In Hugo's remark, however, it is above all the address that arrests our attention and tempts us to engage Hugo in conversation with Blanchot. Hugo is speaking to André [End Page 73] Chénier, or rather to the spirit of Chénier, which ostensibly communicates to participants in séances conducted in Jersey in 1853-54 under the guidance of the celebrated psychic Mme. de Girardin. He addresses the voice of a dead poet, an absent voice that can only speak through a peculiar form of writing that spells out letters one by one through the tappings of a table. It is a voice that writes since it can no longer speak, having lost its head to the guillotine during the French Revolution. During the séances, Hugo asks Chénier to recount the experience of his death. Is it because Chénier is in the unusual position of speaking from beyond the grave that Hugo expects him to do the impossible, to go beyond the silenced voice of the condemned man, that is, beyond the reach of fiction? How are we to read this writing of the Tables, and what does it have to do with "literature"?
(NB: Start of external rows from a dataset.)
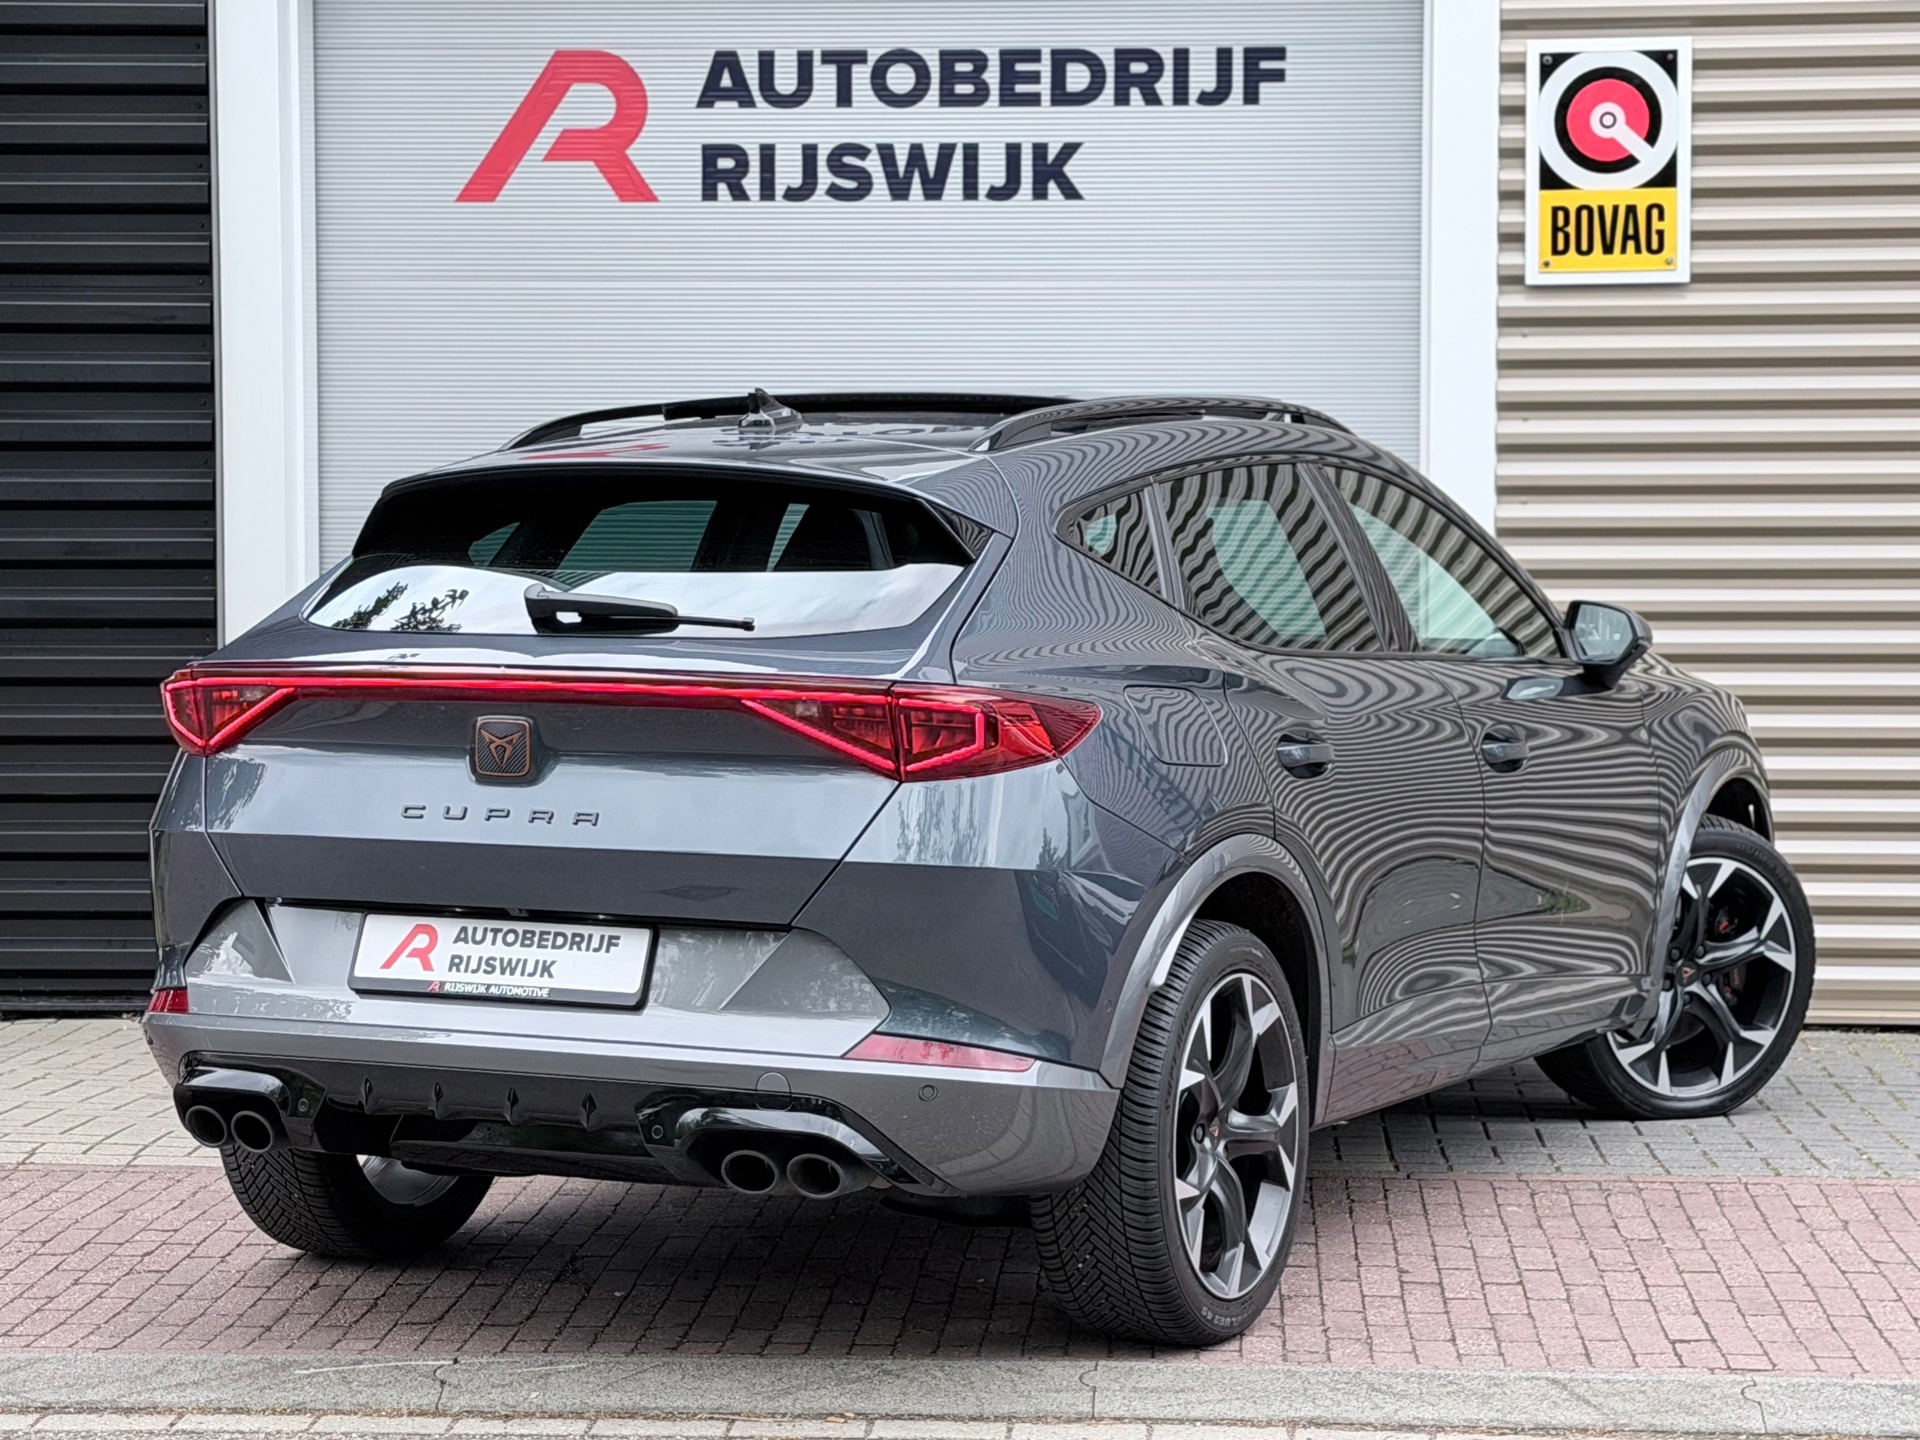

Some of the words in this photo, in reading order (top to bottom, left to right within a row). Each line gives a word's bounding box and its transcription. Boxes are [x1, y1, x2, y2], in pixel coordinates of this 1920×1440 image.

[695, 46, 1288, 109] AUTOBEDRIJF
[701, 142, 1086, 202] RIJSWIJK
[1550, 203, 1666, 257] BOVAG
[401, 804, 601, 827] CUPRA
[452, 925, 622, 954] AUTOBEDRIJF
[448, 953, 558, 979] RIJSWIJK
[444, 982, 487, 995] RIJSWIJK
[488, 985, 551, 998] AUTOMOTIVE
The transcript dramatizes fundamental notions concerning writing, death, and relations between the two that Blanchot will theorize a century later in his critical writings. Here, Hugo demands Chénier's impossible account of his own death specifically in response to a demand of writing. What is at stake is not only the continuation of the narrative necessarily aborted in Hugo's novel —"I stopped at the point where only you can continue"—but also the continuation of the poetry of Chénier, interrupted by the poet's untimely death. Responding to Chénier's expressed concern, Hugo and his companions offer to assist Chénier in the completion of his poems. "André," Hugo begins:

You desire, and we also desire, to see your oeuvre completed. We will gather piously, and with the respect due your...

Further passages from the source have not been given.